In the interest of being completely honest, I haven’t quite finished the prompts myself. I’m going to give myself two extra weeks just because of being so busy at work, and then I’ll start thinking about how I want to turn these characters into a story I can be proud of. That’s sort of always how I’ve done it though, without getting too airy-fairy about it, I like to let my characters tell me who they are, and then I like to stick them into situations and sort of see how they react. Is this a good way of forming a cohesive story arc with a plot that actually makes sense? I suppose only time will tell.

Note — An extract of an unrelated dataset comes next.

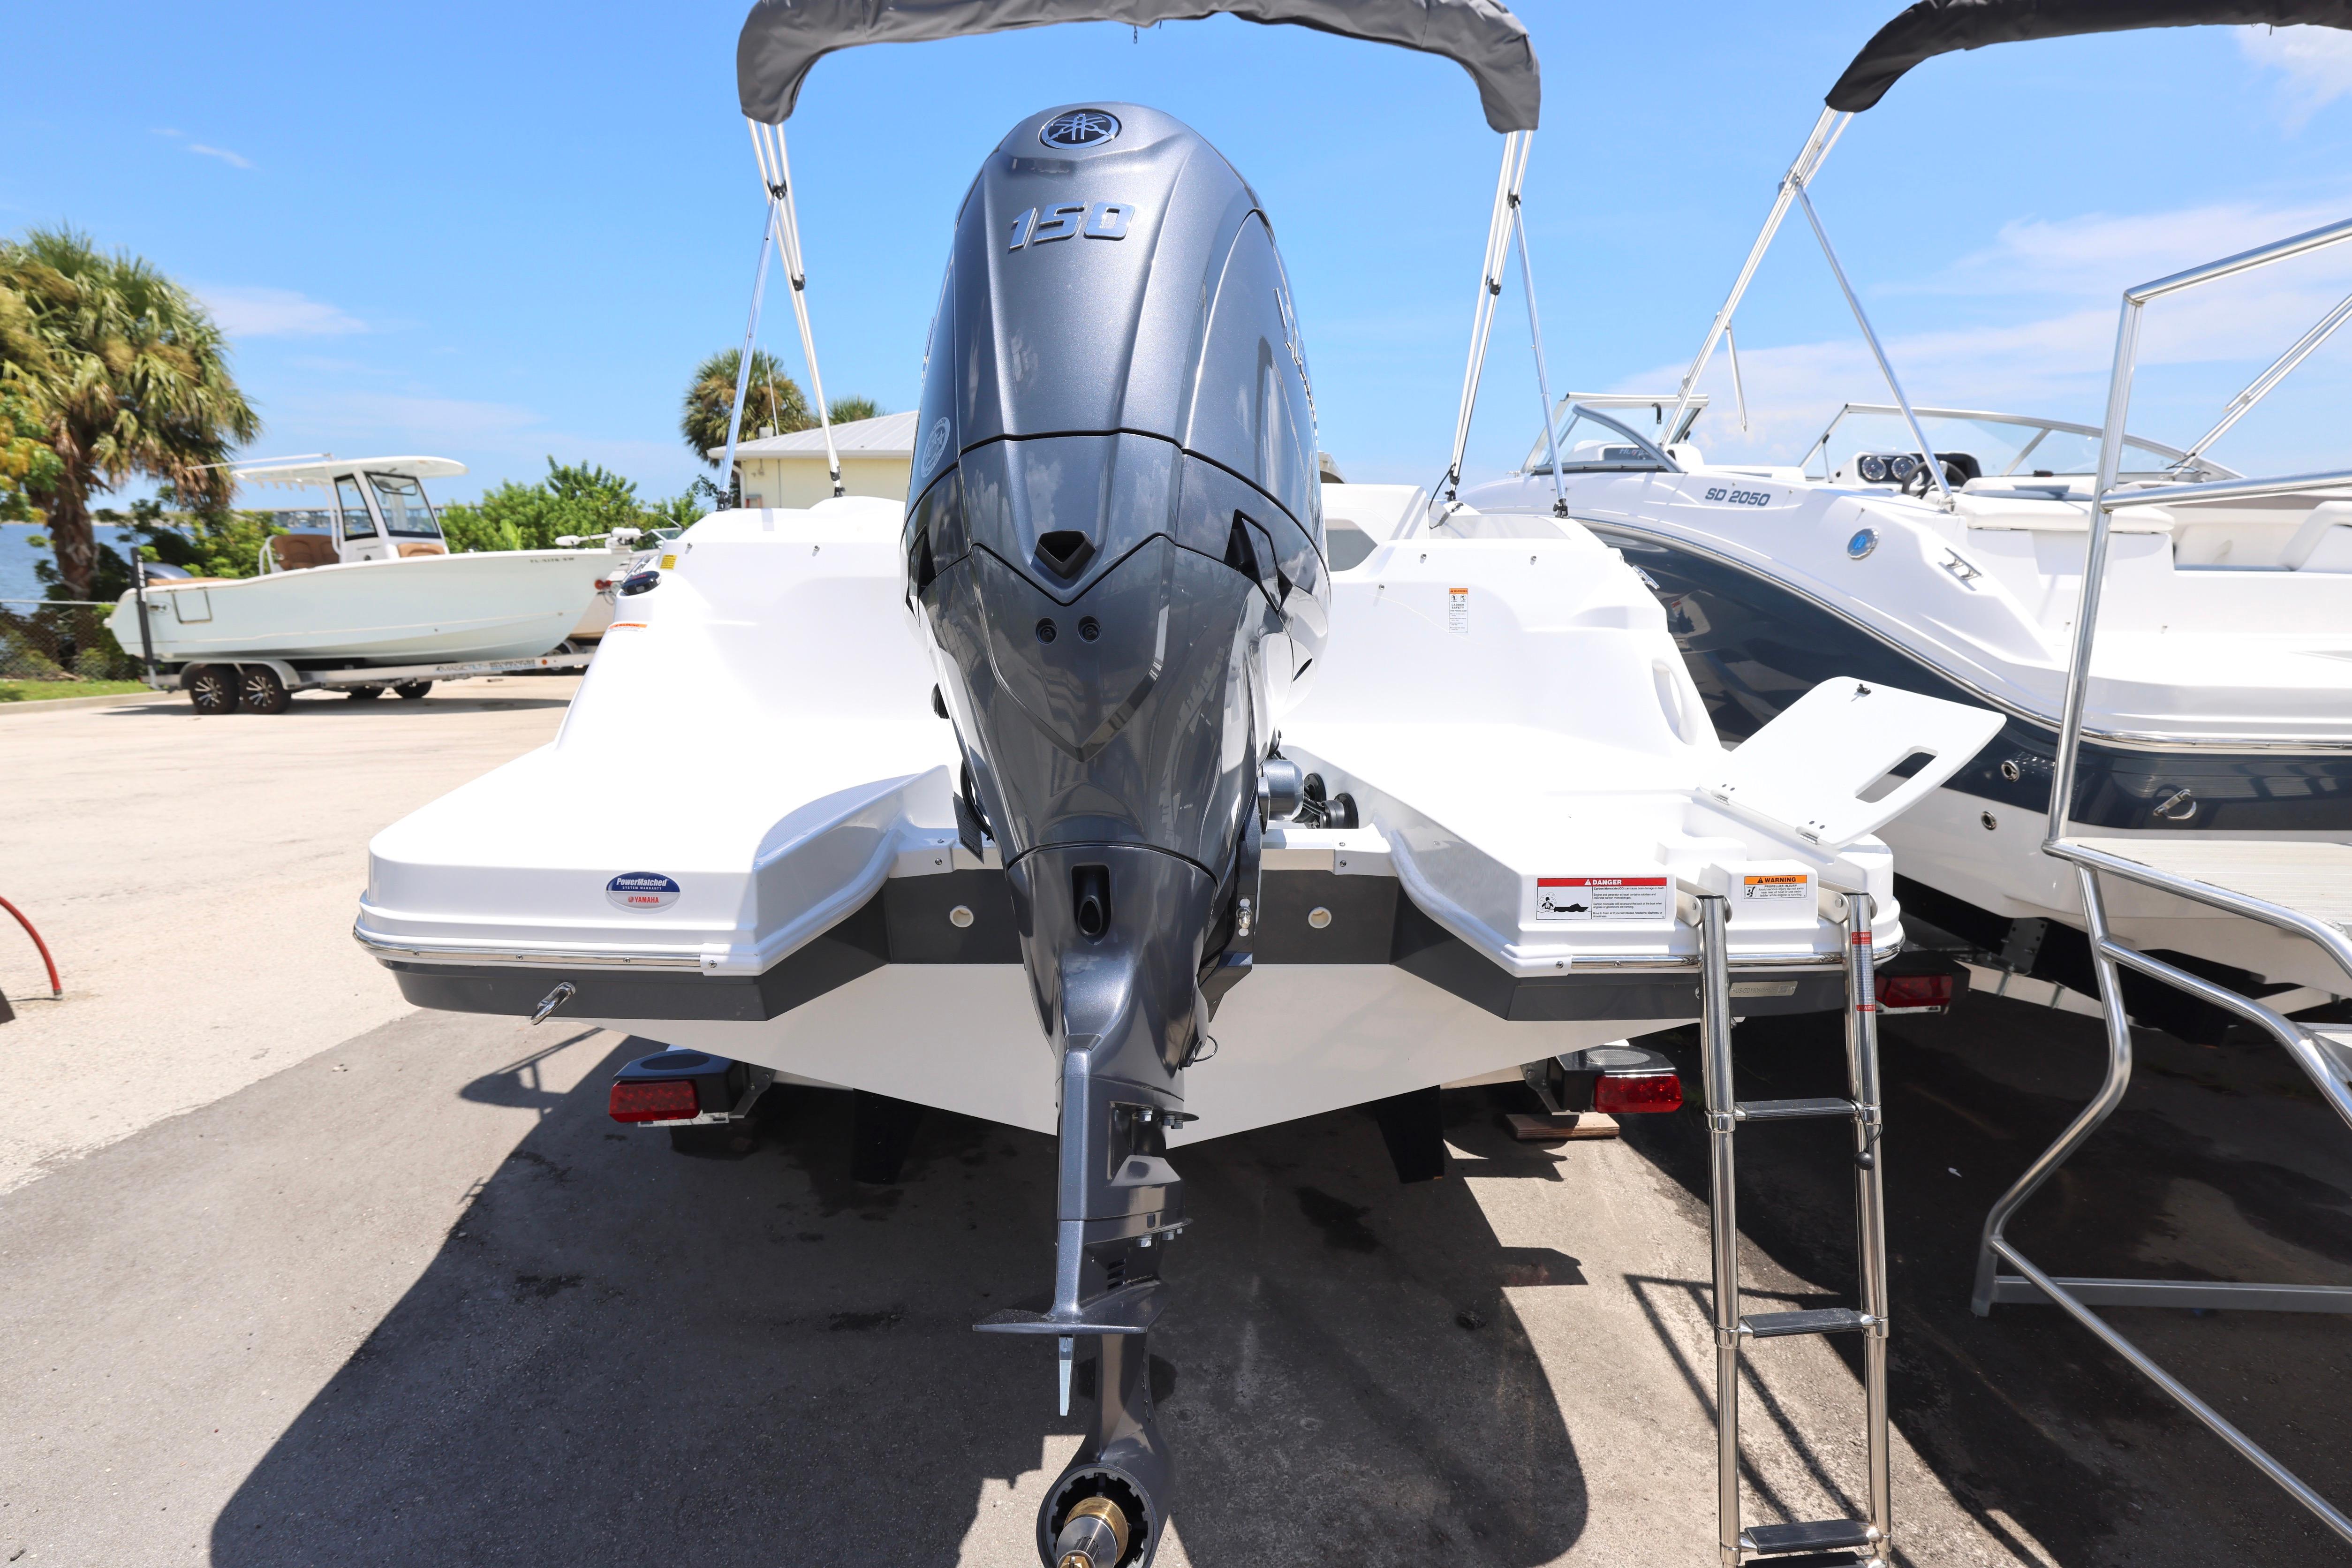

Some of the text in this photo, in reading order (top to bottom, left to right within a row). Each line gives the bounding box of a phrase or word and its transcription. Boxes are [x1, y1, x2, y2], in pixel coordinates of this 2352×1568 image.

How did you guys get on with the challenge, if you took part? Even if you didn’t, do you think it’s something beneficial that would be worth doing in future years as preparation for Polyglot NaNoWriMo? I’d love to hear your thoughts, feedback is always welcome. As always you can leave a comment on the bottom of this post or you can find me on Twitter and Instagram (I’m @sprakskatan on both). In any case, thank you for reading and take care of yourselves out there. I’ll see you next month.

– J.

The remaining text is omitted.